With more and more EVs on the road, the need for battery recycling and reuse has emerged as a necessity to further enhance the sustainability of these vehicles. But there’s another component whose potential for a second life could be a game changer: the electric motor.
Extending the use phase of electric motors is crucial for two reasons. Firstly, they contain valuable raw materials such as copper and rare earth metals such as neodymium, which can’t be easily recovered. Secondly, the raw materials used for the motors have a larger carbon footprint than those used for a combustion engine.
Current recycling methods have proven insufficient in addressing these issues. The recycled raw materials are often contaminated and can’t be reused for motor applications, while other individual components of the electric motor are destroyed.
To help tackle this challenge, researchers from the Fraunhofer Institute for Manufacturing Engineering and Automation IPA have launched the REASSERT project.
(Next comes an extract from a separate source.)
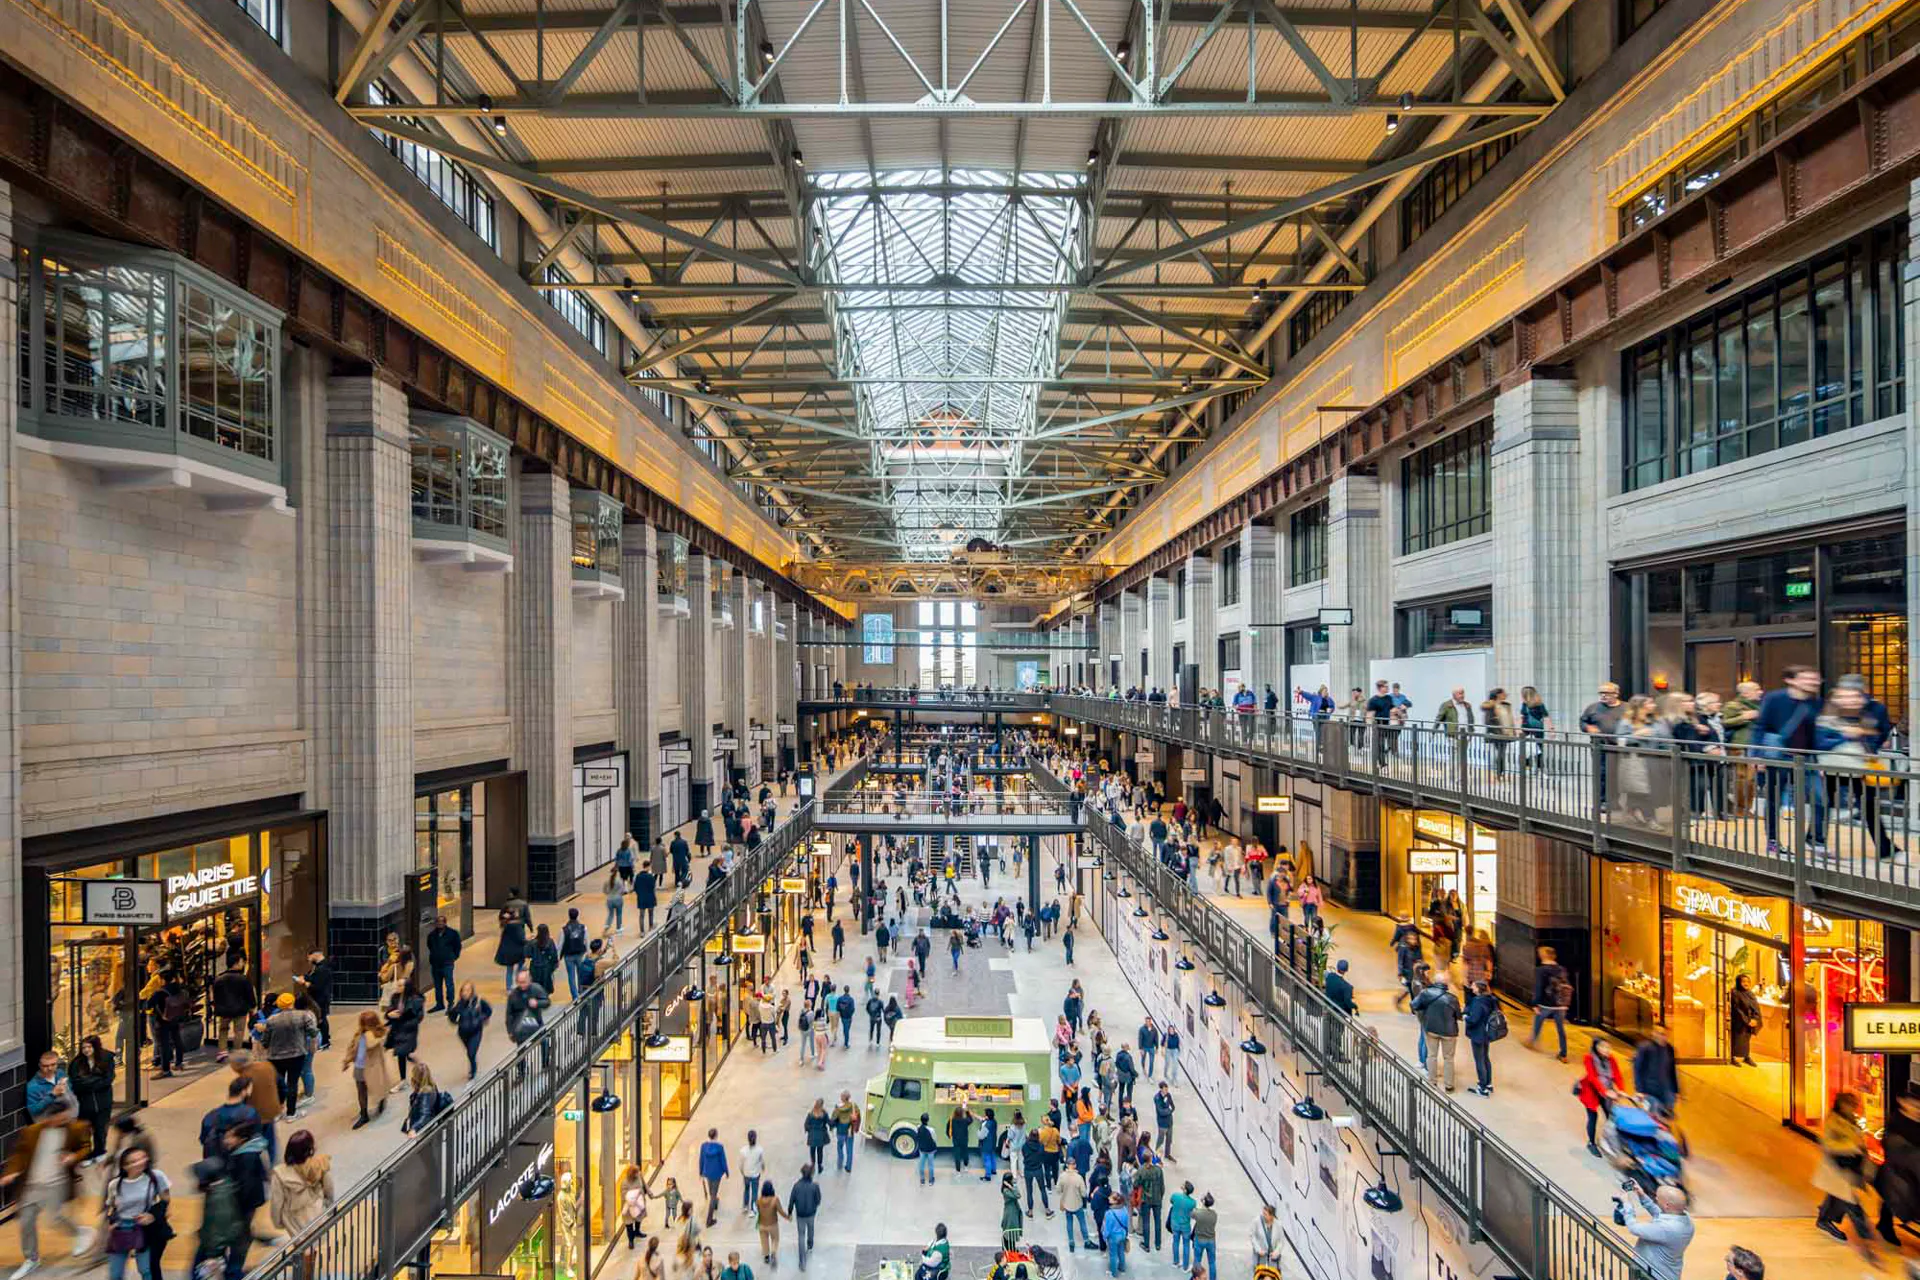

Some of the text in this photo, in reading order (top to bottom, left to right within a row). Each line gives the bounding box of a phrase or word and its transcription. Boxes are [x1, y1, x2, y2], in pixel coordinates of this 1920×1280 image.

“We want to establish a closed-loop system in which valuable resources are reused in order to eliminate dependency on raw material imports and to minimise raw material extraction,” said Julian Große Erdmann, scientist at the Institute.
With this aim at its core, the project focuses on four value retention strategies: reuse of the entire engine; repair with the replacement of of defective components; remanufacturing, where all components are disassembled, cleaned, conditioned, and reassembled; and raw material recycling by disassembling the motor and sorting the individual materials before shedding.
A new process chain
The project will establish a complete process, from motor classification to disassembly, component diagnosis, reassembly, and end-of-life testing. Each of the steps included will have its own demonstrator and test rig.
“Depending on the chosen value preservation strategy, different process steps and chains are involved, so the effort for reconditioning may vary,” explained Große Erdmann.
The team will use reference motors from the passenger EV segment and leverage a specially-developed AI tool that helps select the optimal value retention strategy for each motor.
REASSERT’s goal is to develop a prototype motor that enables the effortless application of the four value retention strategies. If successful, this could lead to the design of new electric motors that support a circular economy.
The project also involves five industry partners: Schaeffler (as consortium leader), the Karlsruhe Institute of Technology, BRIGHT Testing GmbH, iFAKT GmbH and Riebesam GmbH & Co. KG. It has secured funding by the German Federal Ministry for Economic Affairs and Climate Action.